On their selection

Article text
The extended Cook family, Coovin
On their selection

By Paula Heelan

Of the 15 men whose names were drawn in the Kilcummin land ballot on October 8, 1957, not one could have imagined the epic quest that lay ahead. Nor could they have anticipated the scale of legacy they would create for those to follow. After laying the foundations of all they prized and loved, their children’s children are now enjoying the benefits of a fruitful land and a close knit community. While there is no town at Kilcummin, 60 kilometres north of Clermont in Queensland’s central highlands, it boasts a small school, an active community centre and is a leading cattle and grain district.

With the late coming of power, telephones, satellite television, Internet, bitumen roads, air-conditioning, trucks, machinery and flyscreens, life at Kilcummin has dramatically changed. Before the land ballot, the black soil and open downs country was a well established sheep district contributing significantly to the Queensland economy. But arriving to make a new life, the 15 men (some with families) aged from 21 to 50, began developing their allocated blocks of between 5300 and 13,300 acres to establish crops and cattle. There was much to do. And for the community, they needed better roads, telephones, power, a school and later a grain depot to service the increasing harvests. Recognising the value of working together and the need for social contact, the men and their families formed the Kilcummin Group Selectors’ Association (KGSA) and step by step, moving out of tents and basic structures, they built their community, their stations and their enterprises.

The journey was a mix of struggle and triumph. Against a background of colour and romance, they battled drought, floods, bushfires, soaring interest rates, fluctuating commodity prices and hardship. But with persistence, determination, helping and sharing the making of Kilcummin was never really in doubt. Spend some time today with any of the Kilcummin families and their sense of belonging and deep connection to the land is immense.
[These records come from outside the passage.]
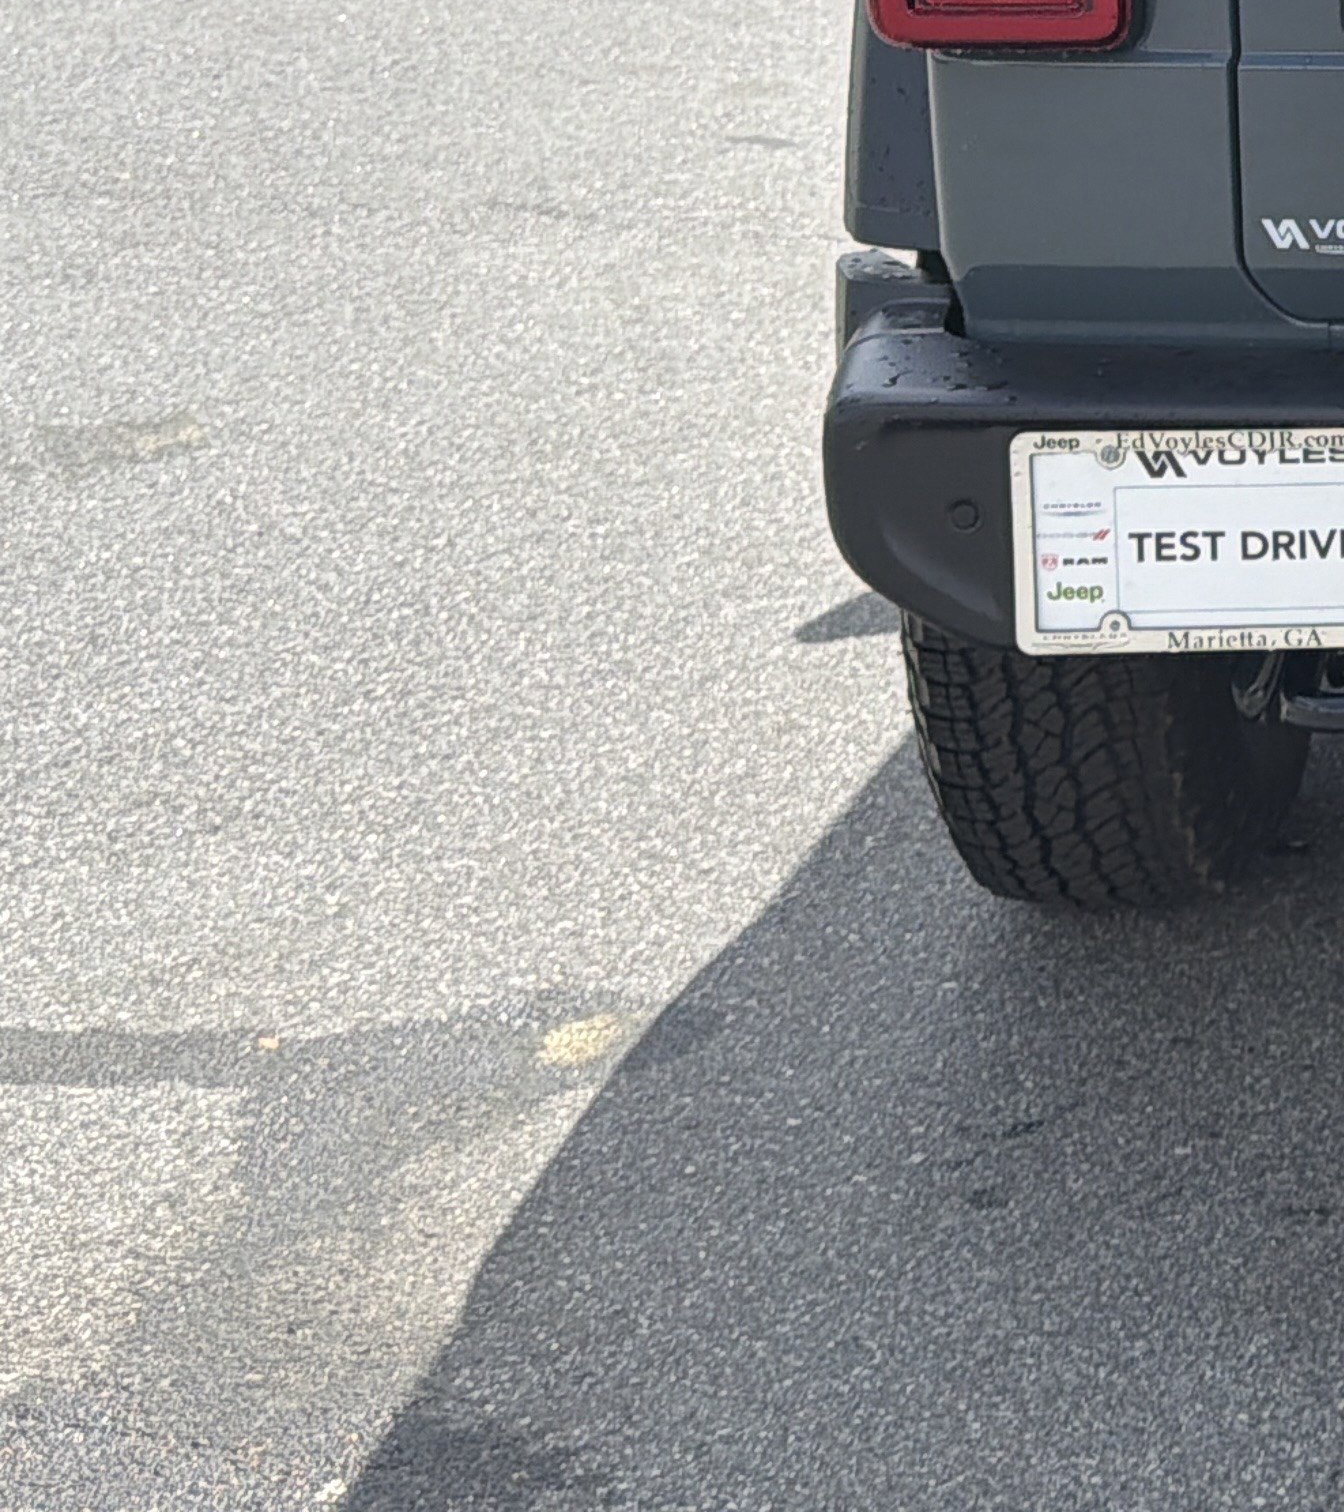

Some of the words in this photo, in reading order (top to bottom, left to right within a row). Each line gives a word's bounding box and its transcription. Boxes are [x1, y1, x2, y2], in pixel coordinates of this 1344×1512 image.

[1033, 435, 1081, 451] Jeep
[1128, 530, 1226, 563] TEST
[1062, 556, 1109, 567] RAM
[1046, 581, 1104, 603] Jeep
[1166, 626, 1277, 650] Marietta,
[1284, 627, 1324, 649] GA
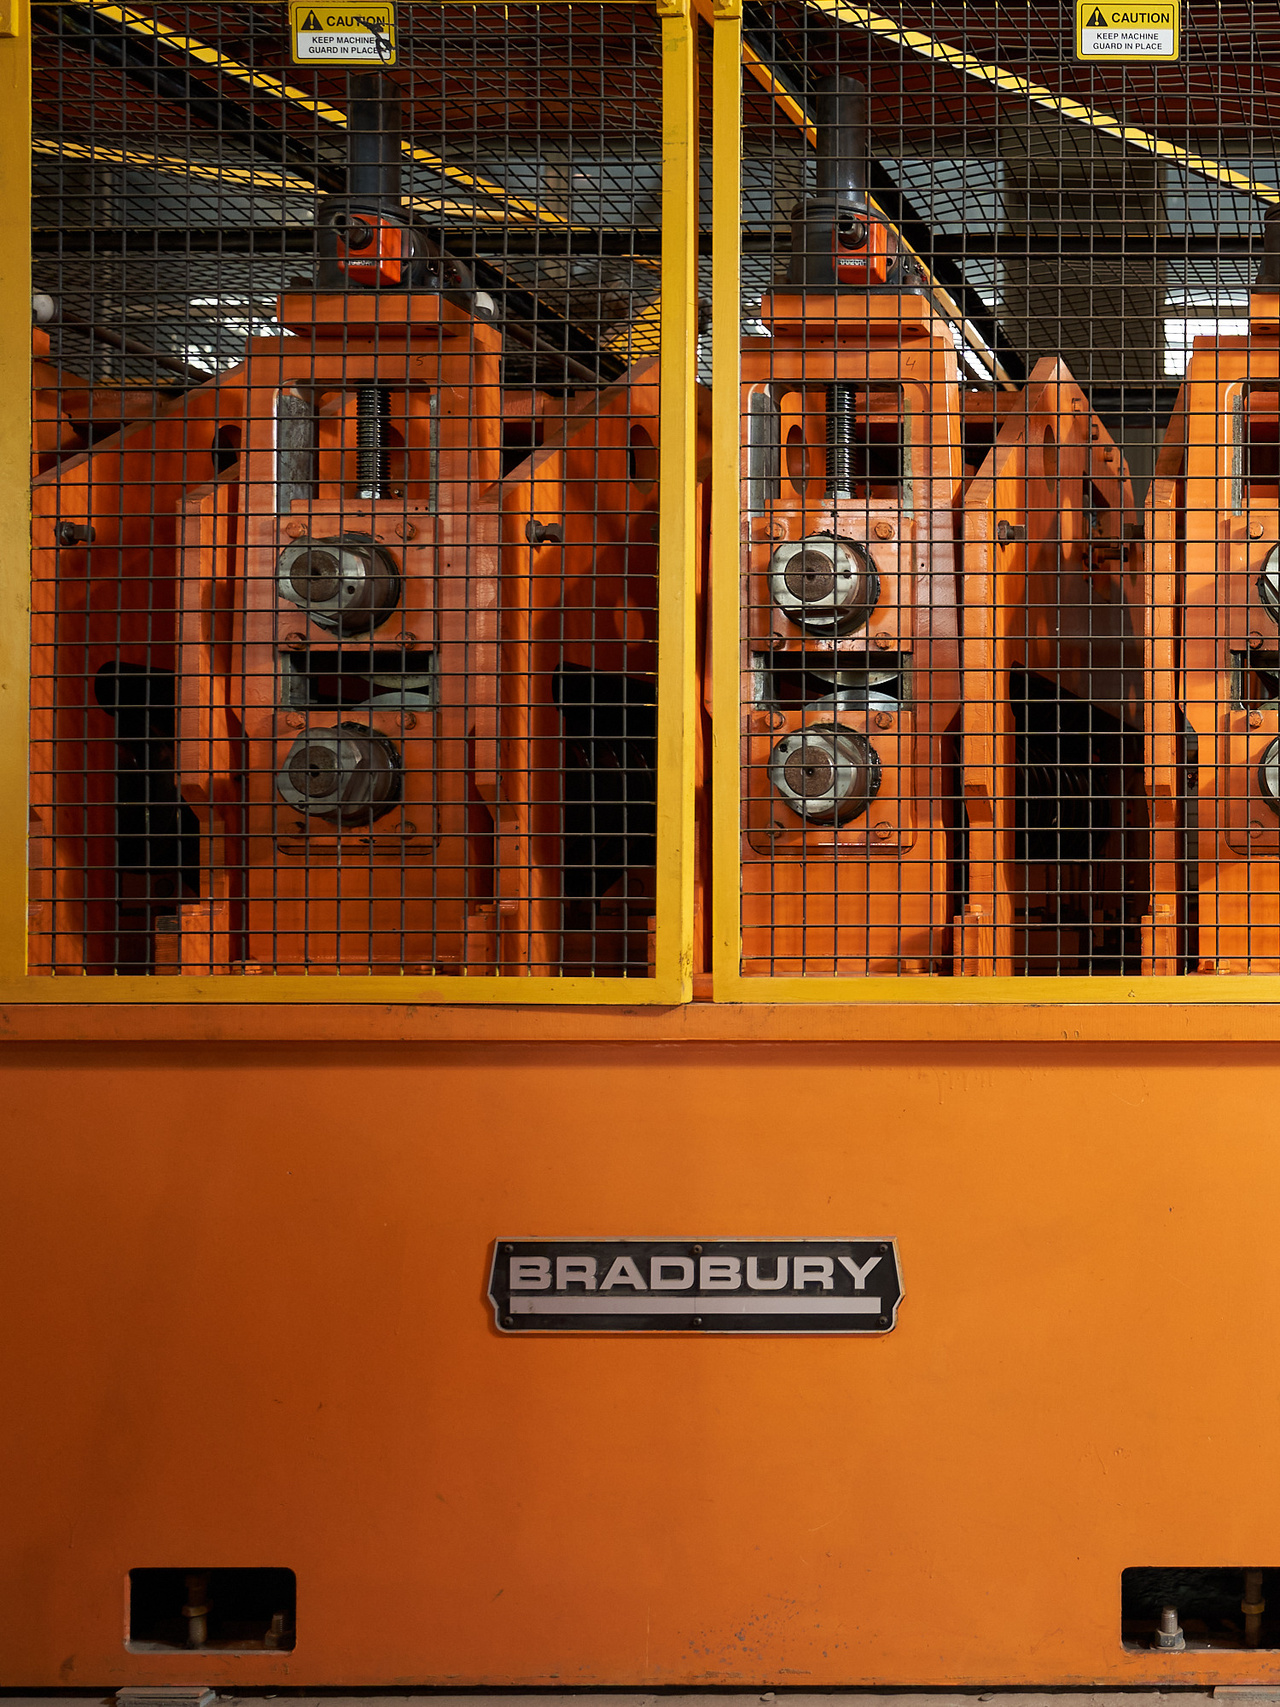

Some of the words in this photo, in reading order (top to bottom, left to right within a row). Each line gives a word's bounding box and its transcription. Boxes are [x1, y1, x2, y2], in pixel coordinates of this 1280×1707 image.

[1111, 12, 1170, 23] CAUTION
[312, 36, 334, 44] KEEP
[336, 36, 374, 44] MACHINE
[308, 46, 338, 54] GUARD
[340, 46, 348, 54] IN
[351, 46, 378, 54] PLACE
[906, 356, 916, 371] 4
[509, 1256, 883, 1290] BRADBURY
When Tom and Margaret Cook and their large family came to Coovin in 1957, they set up camp, bought sheep, tackled the fencing and ploughed land for a sorghum crop. With the billy constantly on the boil, Coovin was a popular, open camp. Today, the mixed farming operation, like the family, has expanded significantly (with the purchase of more land to run cattle) but the warm hospitality remains the same. Bernard Cook and his wife, Marie, now on Coovin with extended family members, also operate a registered cattle feedlot, run a feed mixing business and a hay making business. “One of the great things about the community when it began was the sharing that went on,” Bernard says. “We were all pretty broke, but there was always someone willing to help out, whatever the need.”

He says the district’s social life kicked off early. “Most of the activities we did back then are still popular today,” he adds. “We had woolshed dances, balls, KGSA get togethers, school events, rodeos and campdrafts, bush cricket, tennis and church.” In 2003 Bernard and Marie hosted a reunion at Coovin, celebrating with around 160 family members. “Mum, died in 1993 at 78, and Dad in 2006, at 88. Their 11 children, 59 grandchildren and 99 great grandchildren all made Coovin a part of their lives. Their dream to share their love of the land was certainly fulfilled.”

At just 21 years-of-age, Bob Clark drew his block, Mutation, and is the only original selector still living and working on his land. With a background in cattle, Bob set about to improve his pastures, bought heifers, cows and calves and was launched as a cattleman. With some crop farming included over the years, Bob moved from strength to strength. Today, the Mutation Brahman Stud, registered in 1964, is known for high quality Brahman bulls. Bob and his wife, Margot, raised two children, Mike and Anne at Mutation and like the Cooks, the Clark’s operation has expanded significantly.

When Robin Becker took possession of Tarvellon, a dry block, his first job was to find water – which he did in his first bore. Robin married a young widow, Jill, and they began life together on Tarvellon on Christmas Day, 1959, with Jill’s two children and later having three more. Running sheep until the 1969 drought, Rob then introduced cattle. But his passion was farming and he was one of the first to introduce wheat and linseed to the district. Today, Rob’s stepson, Dave Daniels, runs Tarvellon with his wife, Marg and the youngest of their three sons, Terry. “When Mt McLaren grain depot opened in the early 80’s, farming became a lot more attractive,” Dave explains. “No more grain carting to Clermont and no more line ups to get your grain through. We sold our cattle in the 1991-92 drought, but by this time farming had become the major part of our work. Over time we have changed to zero till and control traffic with GPS steering, reducing tractor hours considerably.”

Four of the Kilcummin blocks still remain in possession of the original families, and others have changed hands several times. At a recent 50 year celebration paying tribute to their huge contribution to the district’s heritage, family representatives of 10 of the 15 original selectors were present. These men and their successors have shaped the Kilcummin landscape, defined their character and underpinned the district’s economic prosperity.